Patent database is a collection of information pertaining to patents. It is always good to refer to do patent search in a patent database before investing thousands of dollars in patent application. This way inventors can save money if during the search in patent database they found out that the invention is a ‘prior art’. All is not lost for the inventor though if that happens because he or she can always claims certain elements of the proposed invention to be patentable.
It is possible to conduct your own patent search in a patent database without soliciting the help of a lawyer or patent agent. The most popular way to start patent search is through the USPTO patent database. While keyword searches using the U.S.P.T.O. Patent Database are the most popular means of search by a layperson, the U.S. Patent & Trademark Office patent database only contains “keyword” searchable patent data from 1975 forward.
Therefore, even if you do not find a particular patent or concept in the patent database does not mean that the concept was not subject to a patent before 1975. In the case of articles of manufacture (in contrast to Internet method patents), it is particularly important that a manual search through the classes and sub-classes is conducted on the U.S. patent database.
Moreover, public disclosure or public use of the invention, even without patenting, renders it unpatentable. Accordingly, a search of public patent databases including publications and journals is also an important step to assure the patentability of the invention.

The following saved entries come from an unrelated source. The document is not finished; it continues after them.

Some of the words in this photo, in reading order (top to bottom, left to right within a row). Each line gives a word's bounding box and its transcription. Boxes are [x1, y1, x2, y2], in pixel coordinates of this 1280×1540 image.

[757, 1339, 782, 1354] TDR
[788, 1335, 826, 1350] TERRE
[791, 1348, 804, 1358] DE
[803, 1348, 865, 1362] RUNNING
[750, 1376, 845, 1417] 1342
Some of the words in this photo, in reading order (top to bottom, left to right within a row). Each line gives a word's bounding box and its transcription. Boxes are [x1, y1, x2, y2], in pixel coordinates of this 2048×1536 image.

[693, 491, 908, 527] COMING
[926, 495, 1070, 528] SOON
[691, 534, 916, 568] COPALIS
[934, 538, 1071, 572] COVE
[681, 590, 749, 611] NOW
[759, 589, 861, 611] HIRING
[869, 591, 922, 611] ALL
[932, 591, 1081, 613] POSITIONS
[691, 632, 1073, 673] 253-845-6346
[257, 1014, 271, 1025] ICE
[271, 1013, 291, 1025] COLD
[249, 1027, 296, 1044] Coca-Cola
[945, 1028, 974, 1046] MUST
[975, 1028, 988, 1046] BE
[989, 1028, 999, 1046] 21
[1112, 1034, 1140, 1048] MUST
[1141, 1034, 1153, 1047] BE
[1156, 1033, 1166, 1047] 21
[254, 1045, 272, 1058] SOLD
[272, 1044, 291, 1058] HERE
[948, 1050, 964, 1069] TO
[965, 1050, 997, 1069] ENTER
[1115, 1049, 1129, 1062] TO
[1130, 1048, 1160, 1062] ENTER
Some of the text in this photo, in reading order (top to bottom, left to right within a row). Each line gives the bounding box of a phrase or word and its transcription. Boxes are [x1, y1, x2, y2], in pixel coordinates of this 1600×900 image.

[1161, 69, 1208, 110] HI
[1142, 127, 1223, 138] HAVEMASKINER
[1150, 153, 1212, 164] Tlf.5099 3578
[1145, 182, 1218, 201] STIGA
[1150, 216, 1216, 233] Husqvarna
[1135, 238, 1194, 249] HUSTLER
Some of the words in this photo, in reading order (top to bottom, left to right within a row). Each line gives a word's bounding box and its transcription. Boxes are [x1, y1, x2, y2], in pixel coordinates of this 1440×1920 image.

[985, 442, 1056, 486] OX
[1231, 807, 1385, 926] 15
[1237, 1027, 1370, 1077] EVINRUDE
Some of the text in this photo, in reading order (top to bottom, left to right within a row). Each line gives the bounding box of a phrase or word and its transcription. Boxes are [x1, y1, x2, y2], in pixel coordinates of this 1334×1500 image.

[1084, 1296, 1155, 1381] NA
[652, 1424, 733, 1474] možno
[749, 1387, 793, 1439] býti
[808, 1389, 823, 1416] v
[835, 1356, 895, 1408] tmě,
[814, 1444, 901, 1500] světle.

Pending patent applications are also maintained in confidence by the Patent and Trademark Office. To conform with international practice, the U.S. Patent Office will now publish a patent application, as it is first filed, 18 months after its filing date, however an applicant can avoid this publication by filing notice with the Patent Office that the applicant will not seek foreign patent protection.
For these reasons, even the best patent search in patent database may fail to disclose a pending application. Recognizing these caveats, your search of the USPTO Patent database should give you an initial determination as to the applicability of the patents found. If you are uncomfortable proceeding beyond a keyword search in patent database however, retaining a professional search is highly recommended.
Even after the search, it is important to understand how to compare the prior patents with your own invention. The boundaries of an invention are defined by the claims. The limitations expressed in the claims must be understood before the patentability of your own invention can be determined.